Sure, and sometimes you help that happen. Things you say and do reflect things about the kind of person you are, your values, your beliefs. So if you walk around wearing swastikas, if you receive white supremacist material in the mail, and if you commonly make racist and antisemitic statements in public, if the synagogue down the street gets torched, you are going to be one of the first people the authorities will want to talk with. And if you're charged, all those things, as well as any racist and antisemitic screeds you may have posted on the Internet will be used in evidence by the prosecution to help show intent and motive.

Jason607 said:
...people on these gun forums paint a picture of a trail where the prosecution sets the whole thing up, they choose the evidence, they choose the jury, they choose the judge, and get to present their case unchecked,...
Not quite.

[1] The prosecutor does indeed get to choose what evidence, from the available evidence, he presents, and how he presents it, subject to the applicable rule of procedure and evidence. So does the defense. But some of your potential and avoidable problems can come from the evidence that you have created -- things you say and things you have posted on the Internet that may bear on something at issue in the case -- and thus made a present of to the prosecutor. You could have avoided creating this evidence which now exists to be used against you, if the prosecutor wants, by being more careful about the things you say in public to strangers.

[2] Of course the prosecutor doesn't choose the jury. But neither does the defense. The jury pool is chosen at random from voter registration records and/or drivers license lists or some other public records listing people living in the community. This panel of prospective jurors is questioned by each side. He side can dismiss a specified number without cause (peremptory challenges) and an unlimted number for cause (challenges for cause).

So the prosecutor won't get his jury of Brady Bunch members, but you also won't get your jury of Gun Owners of America members. You'll have a middle of the road jury usually with no special interest in or knowledge of guns.

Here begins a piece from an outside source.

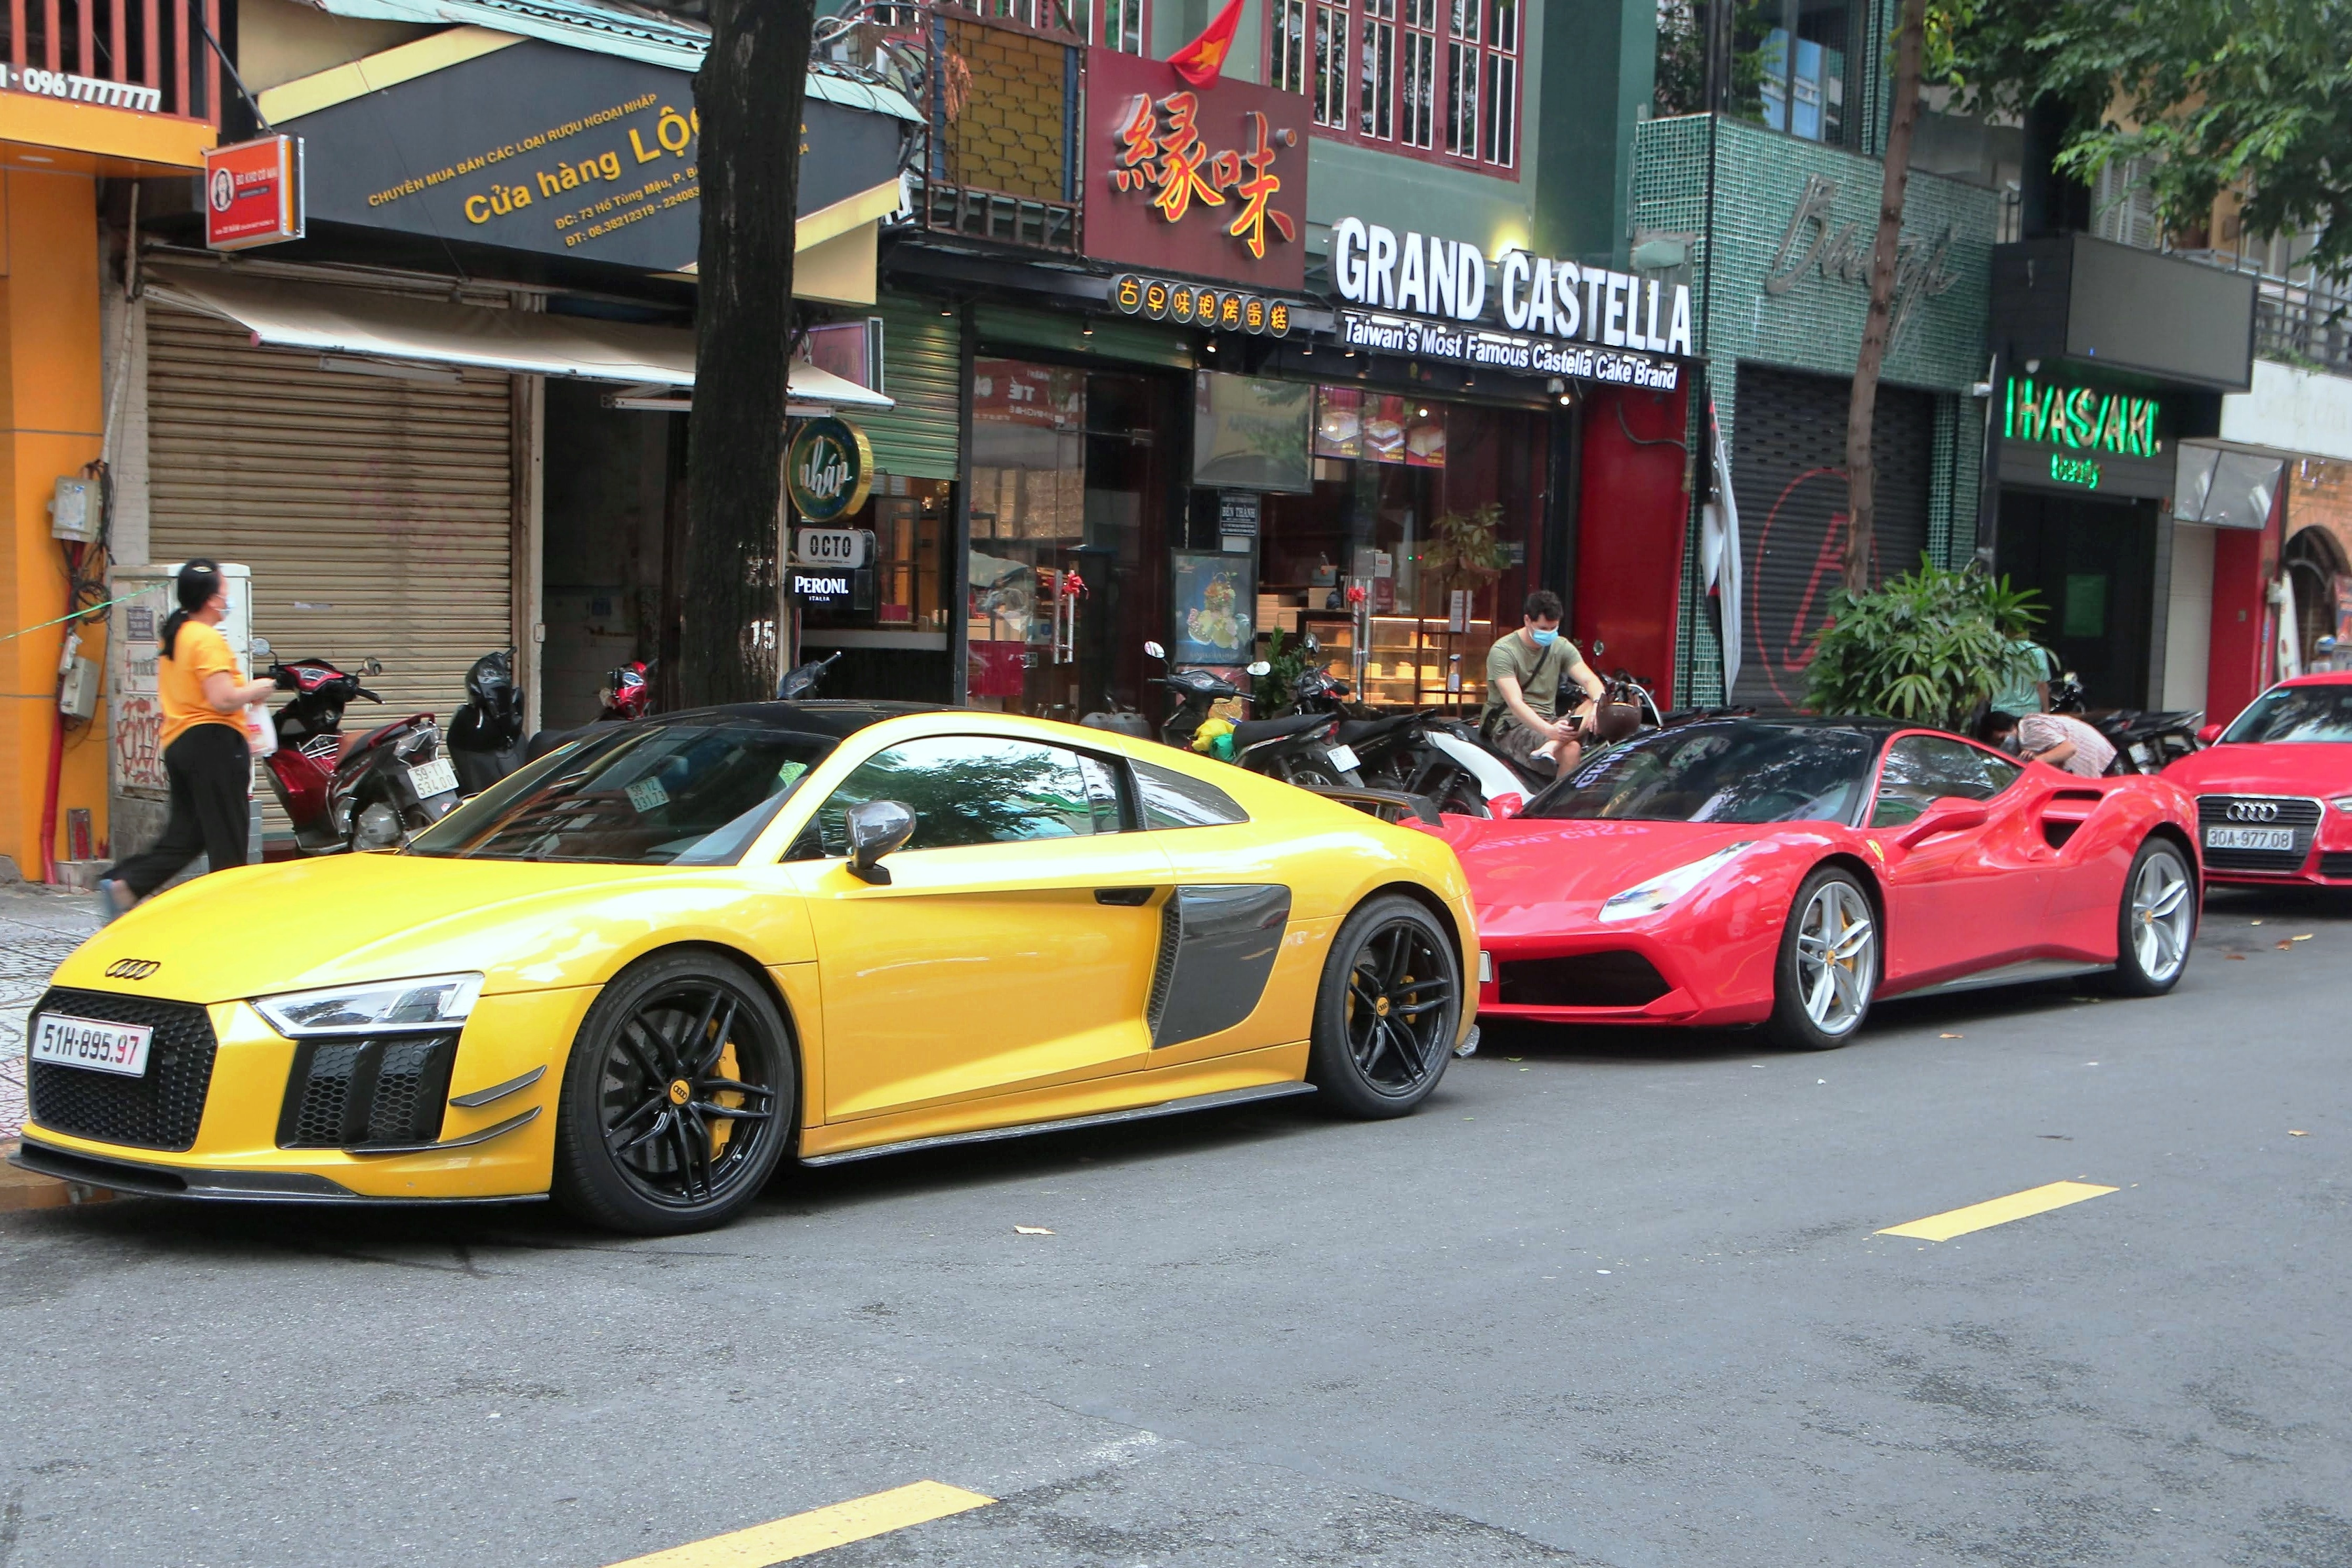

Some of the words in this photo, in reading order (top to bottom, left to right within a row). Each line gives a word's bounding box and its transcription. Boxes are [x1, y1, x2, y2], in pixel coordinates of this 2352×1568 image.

[3] The judge is usually selected on the basis of some rotation and/or based on who has time on his schedule for the case. Each side typical has one shot a declining a judge for no reason.

Jason607 said:
... the defense can just keep dismissing jurers all day long because they will have probable cause to do so....
Don't be too sure about that. To dismiss a prospective juror for cause, the side making the challenge must be able to convince the judge that there is actual prejudice or that the particular juror can not be impartial. Some judges take an awfully lot of convincing.

Jason607 said:
...Then they have to prove without reasonalbe doubt that your broke the law...
In case you haven't been following the posts above, remember that in the case of an assault or homicide to which you're pleading self defense you have already admitted the acts constituting the crime.
OldMarksman in post 35 quoting the NACDL said:
Self-defense is all-or-nothing. In order to establish it, the client has to admit being at the crime scene, with a weapon, which he or she used to intentionally harm the aggressor. The client has to admit that he injured the aggressor. The client has to convince the jury that if a reasonable person had been standing in his shoes, the reasonable person would have done the same thing.
OldMarksman in post 35 quoting the NACDL said:
....If the prosecution fails to disprove self-defense, the client is acquitted. In practice, however, the defense attorney has a great deal of work to do in order to convince the jurors that the client’s conduct fell within the common law of self-defense or within applicable state statutes.
OldMarksman in post 35 quoting the NACDL said:
...There will be some facts which the prosecution and police investigators believe are inconsistent with self-defense. Counsel will have to wrestle with these facts and be able to explain to the jury why they do not disqualify the client from self-defense.

Jason607 said:
...Lets not forget Kenneth Nifong, the DA of the Duke Rape Case....
And what does a crooked, insanely ambitious and unethical prosecutor, who destroyed his career have to do with anything?
 
Self defense is not a crime. The only 'crime scene' related to it is the scene of the crime that led to the defensive application of force.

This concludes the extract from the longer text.